E… batendo nas costas um do outro como que a selar o compromisso, combinaram o dia para tirar a grade… e foram para casa… a esfregar as mãos de contentes!

O João ficou eufórico! E eufórico como estava, acabou por contar tudo à mulher, prevenindo-a de que tudo teria de ser resolvido em segredo. A Mariana aceitou.

No dia marcado, João pegou nos seus próprios bois e levou-os até à Ponte. Entretanto chegou também o homem de Serém com um outro homem e as duas juntas de bois a puxar um carro.

Atempadamente, alinharam os bois e puseram-nos em posição de puxar. De seguida, amarraram umas cordas bem fortes às cangas dos bois e a uma enorme âncora preparada para prender a grade. E ficaram à espera!…
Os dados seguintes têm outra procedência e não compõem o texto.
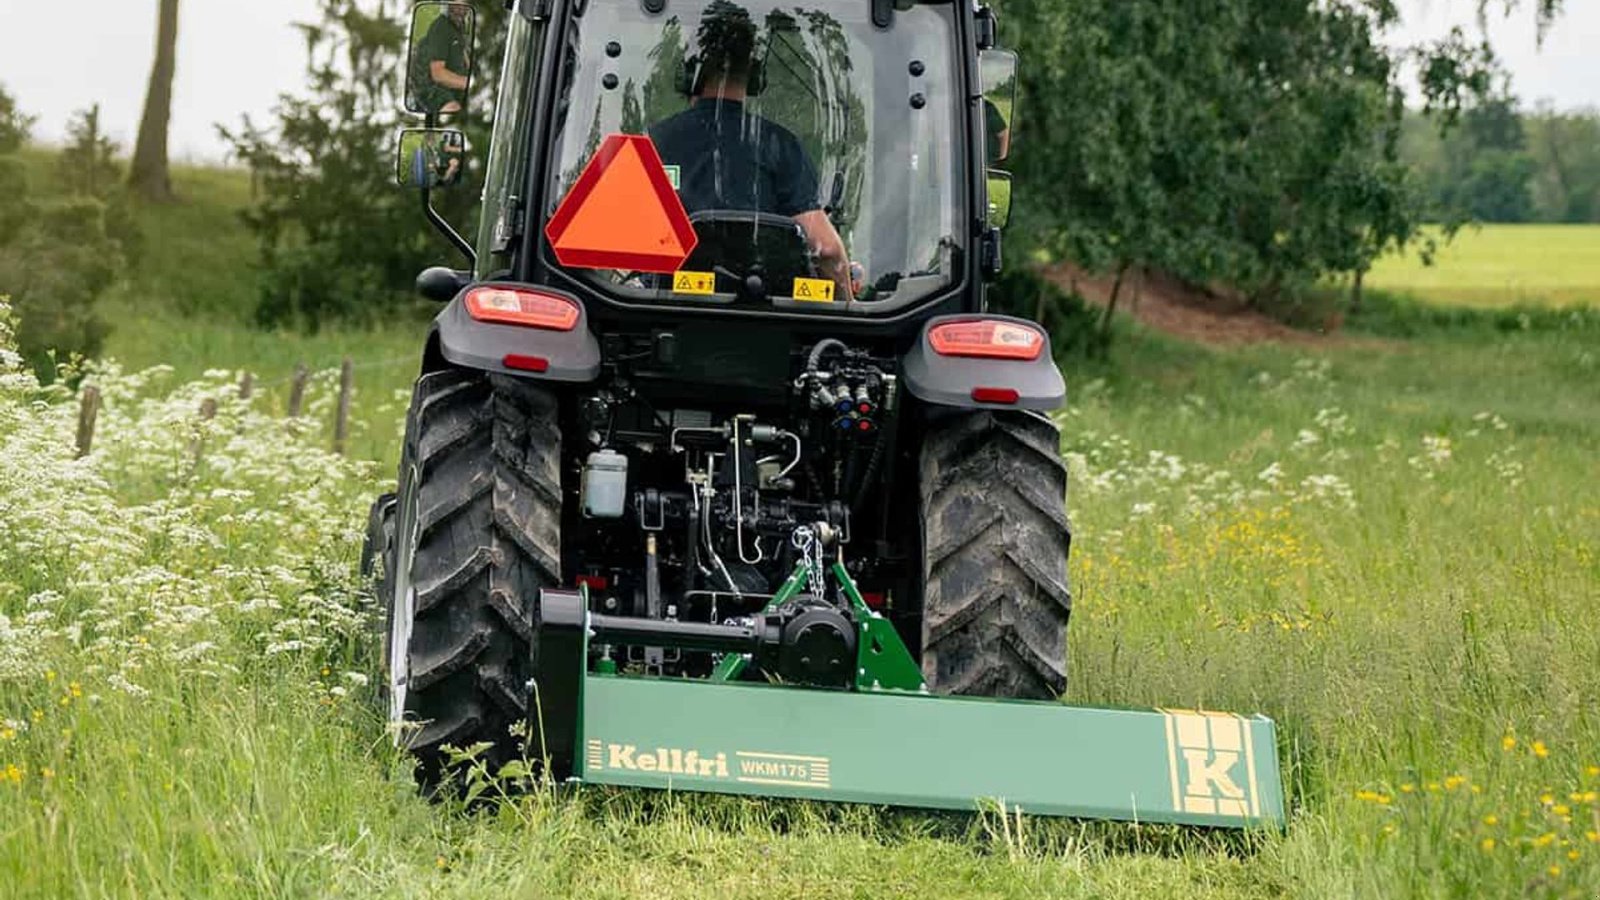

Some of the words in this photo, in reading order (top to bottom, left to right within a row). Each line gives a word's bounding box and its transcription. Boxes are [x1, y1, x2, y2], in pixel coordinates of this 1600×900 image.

[608, 744, 729, 777] Kellfri
[740, 760, 807, 779] WKM175
[1182, 748, 1245, 800] K
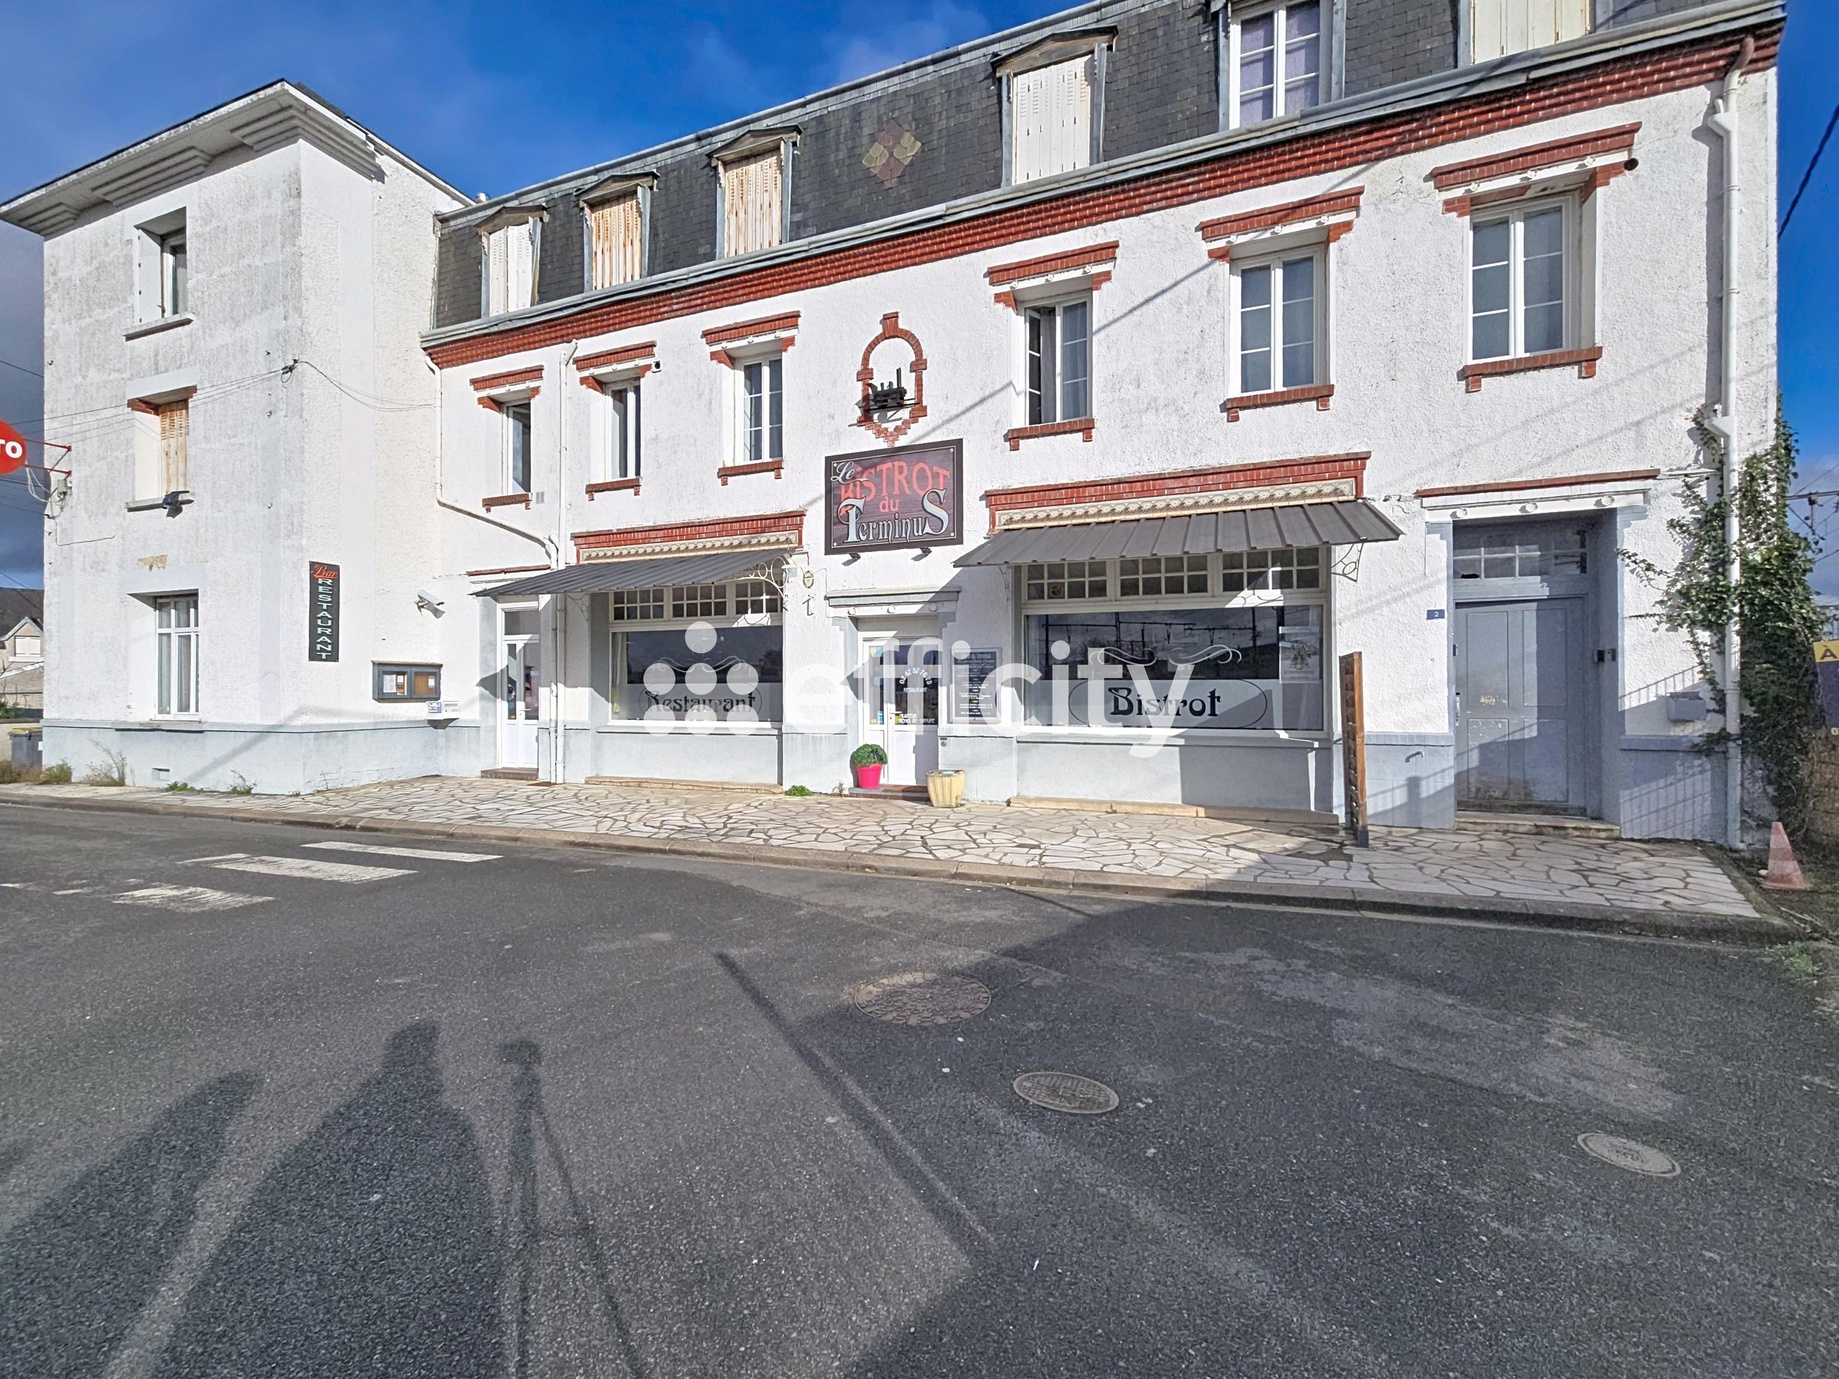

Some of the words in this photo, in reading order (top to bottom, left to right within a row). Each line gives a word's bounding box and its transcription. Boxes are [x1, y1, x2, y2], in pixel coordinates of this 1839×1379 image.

[831, 461, 868, 485] Le
[879, 494, 900, 513] du
[313, 564, 338, 579] Bar
[316, 578, 333, 660] RESTAURANT
[645, 690, 755, 713] Restaurant
[1108, 687, 1221, 717] Bistrot
Ao meio dia em ponto, quando o sino da igreja dava as badaladas para a oração do Anjo, o sol batia no bico do rochedo em frente e a grade brilhava no fundo do poço, atiraram a âncora à água e a grade ficou presa. Os bois puxaram, brandamente, até que a grade começou a aparecer à superfície.

A Mariana, que observava todos os trabalhos escondida entre os arbustos, maravilhada com o sucesso gritou com o maior entusiasmo:

– Graças a Deus… que a grade já aí vem!

As palavras da Mariana…. mais pareceram o fulminar de um raio impetuoso do que as simples palavras de uma mulher!
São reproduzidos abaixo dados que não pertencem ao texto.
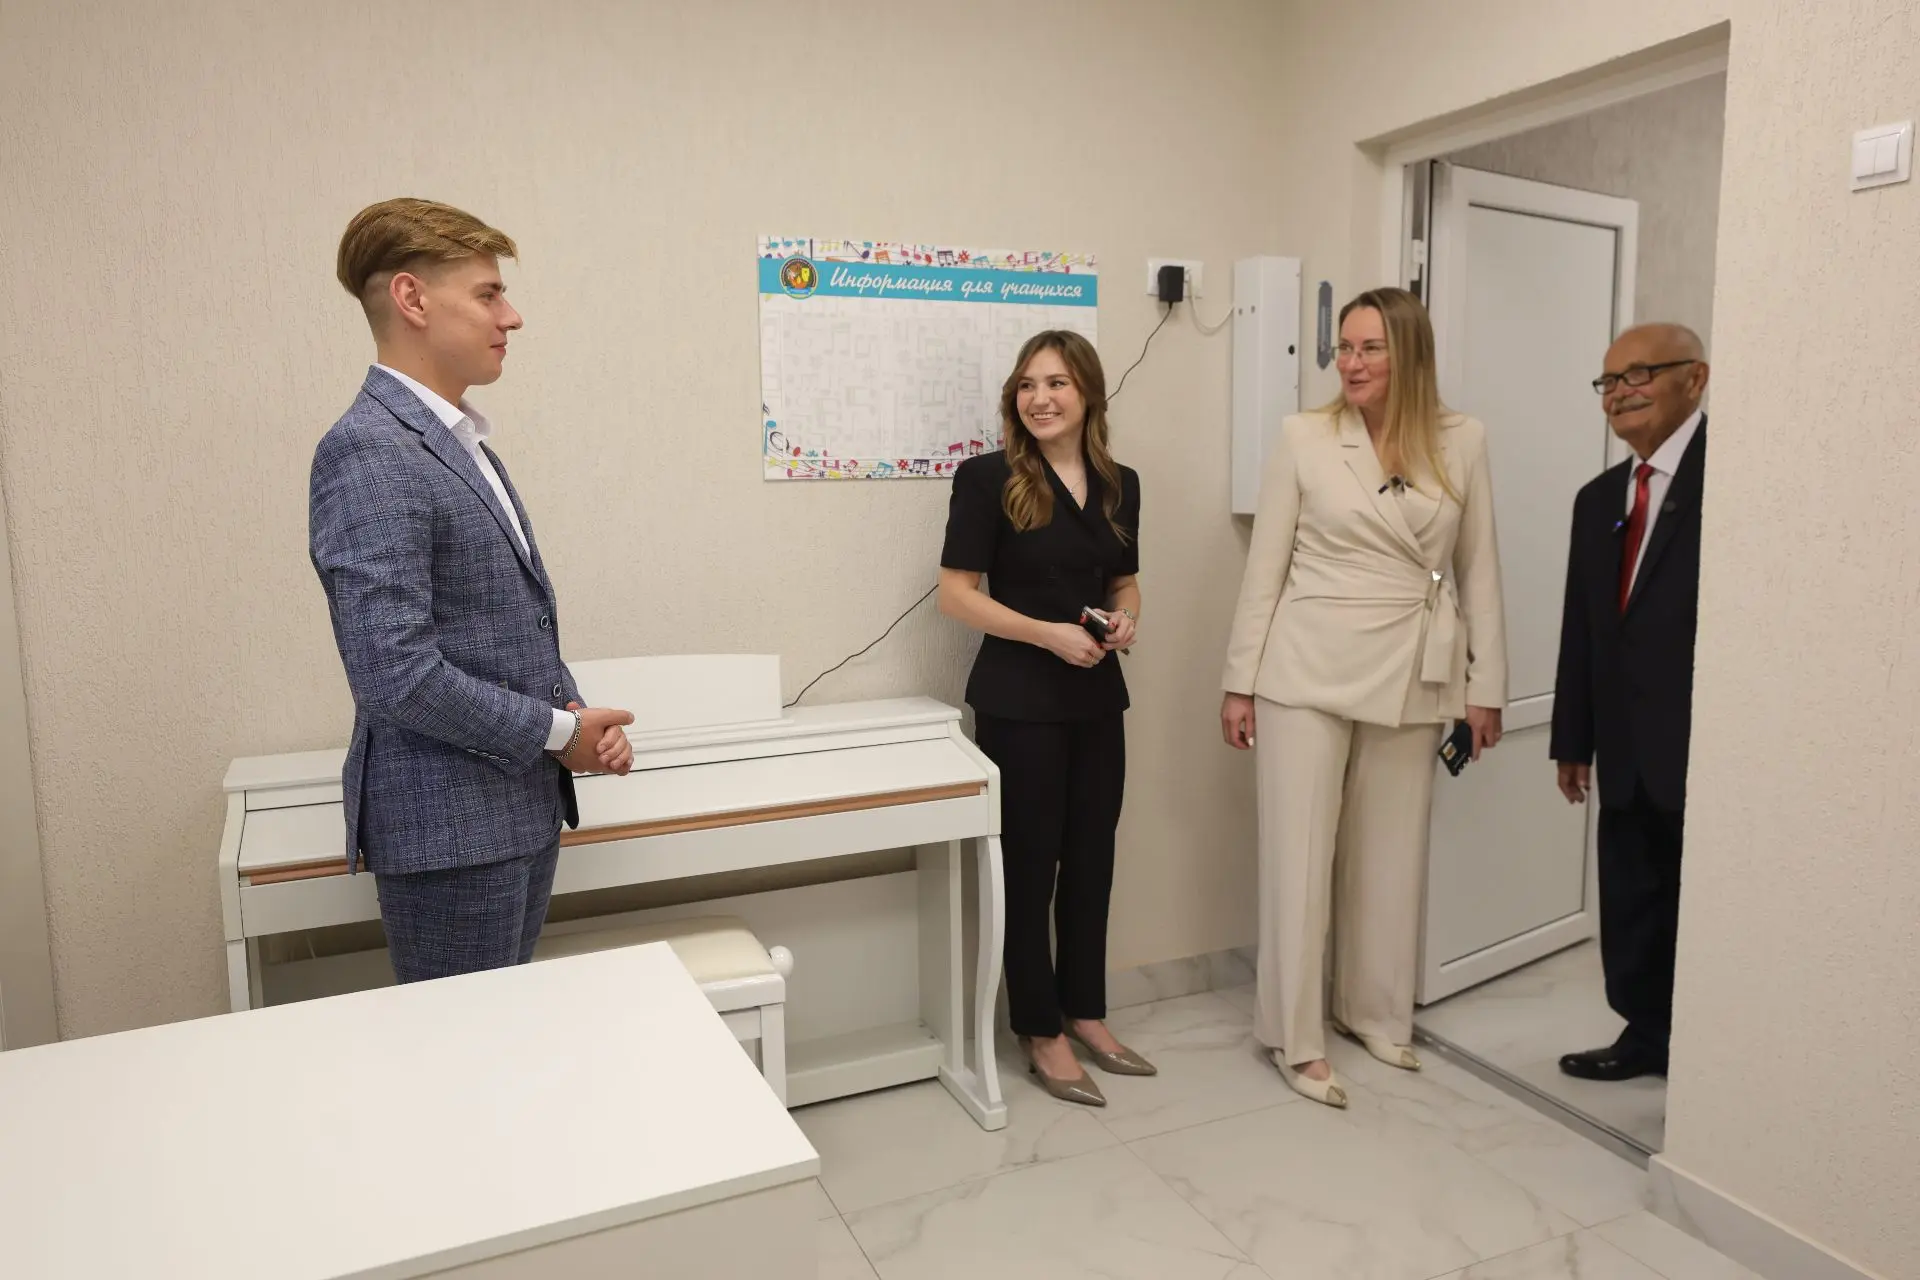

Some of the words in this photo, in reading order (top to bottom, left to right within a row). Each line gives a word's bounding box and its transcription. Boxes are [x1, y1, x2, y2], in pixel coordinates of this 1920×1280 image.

De repente… não se sabe como… a grade desapareceu… e se não fora a corda, milagrosamente, ter partido… os bois e os homens, irremediavelmente, teriam ido parar também ao fundo do poço!
Entreolham-se… boquiabertos… atónitos… sem respiração… e no mais profundo silêncio!

Sem mais demoras… a Mariana… aterrorizada e de mãos fechadas na cabeça pediu perdão pelo que fez… ao mesmo tempo que ia chamando por Nossa Senhora!
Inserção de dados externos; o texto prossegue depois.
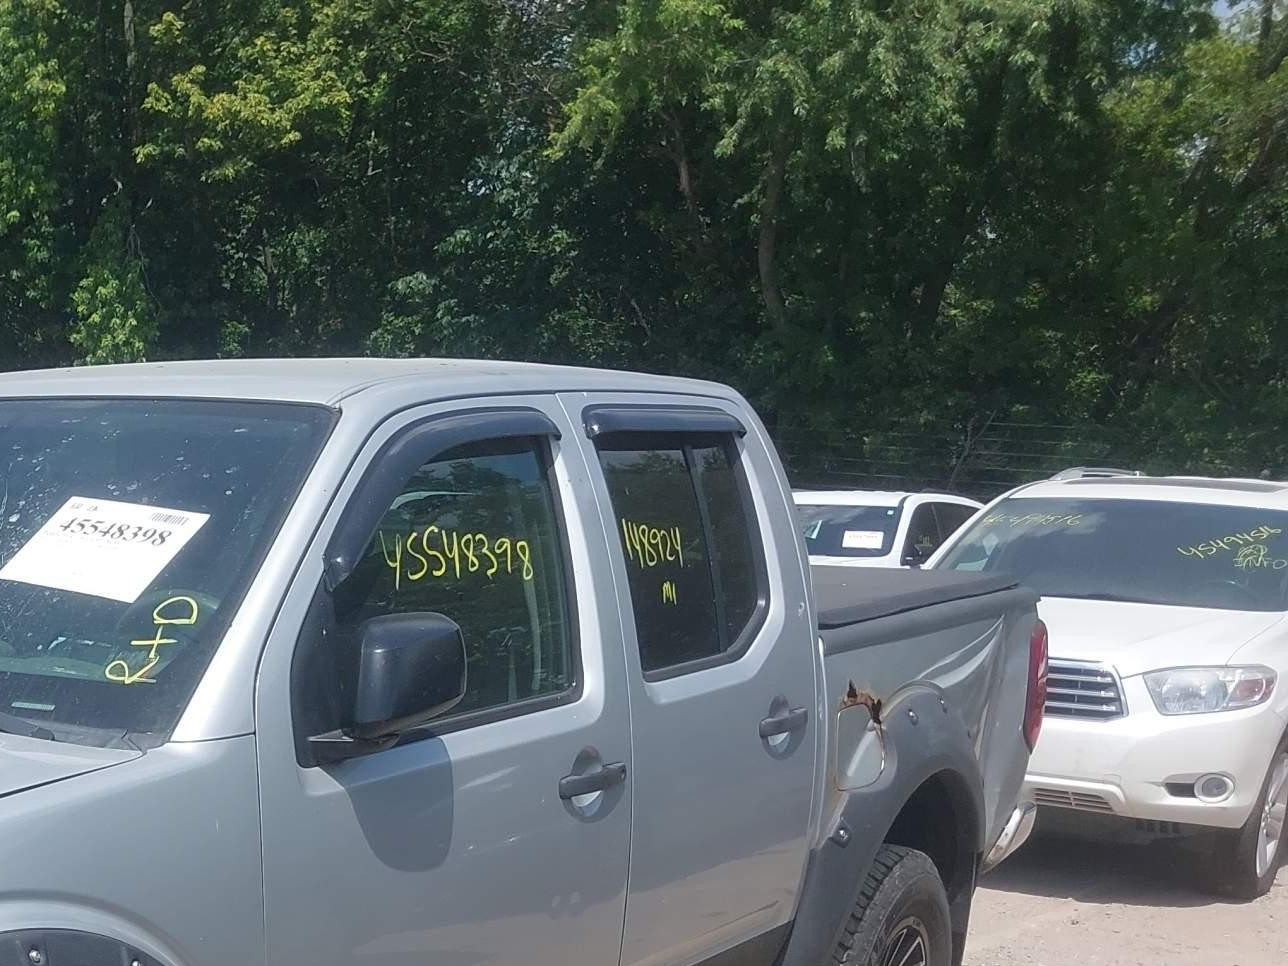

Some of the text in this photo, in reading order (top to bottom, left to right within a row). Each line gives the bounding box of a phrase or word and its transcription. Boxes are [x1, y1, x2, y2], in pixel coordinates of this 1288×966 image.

[60, 517, 172, 546] 45548398
[622, 518, 684, 569] 148924
[379, 525, 534, 591] 45548398
Os três homens… em vez de maldizerem a Mariana pela perca de toda aquela riqueza… juntaram-se a ela chamando também por Maria!

E… depois de afagarem docemente os bois que estavam terrivelmente amedrontados, foram agradecer o gesto da Mariana, de joelhos, junto às alminhas, dizendo todos em coro:

– Riqueza, sim, mas vinda das mãos de Deus! E a nossa maior riqueza é ter descoberto, aqui e agora, as mãos de Deus nas nossas vidas! Se esta mesma frase tivesse sido pronunciada num outro lugar… e noutras condições… que seria de todos nós! Deus seja louvado!

O Sol… parecia mais brilhante, o céu… mais azul, a água do pequeno rio… mais límpida e transparente, o ar mais fresco, a folhagem mais tenra e verde!

Os homens e os bois de Serém, sãos e salvos, regressaram à sua terra.

O João e a Mariana, com a sua junta de bois, foram para sua casa, continuar com a sua lida habitual…

E a “Grade d’Ouro”, com todo o seu brilho, grandeza e riqueza, continuará para sempre escondida no fundo do poço mais fundo da Ponte do Castêlo… na freguesia de Rôge!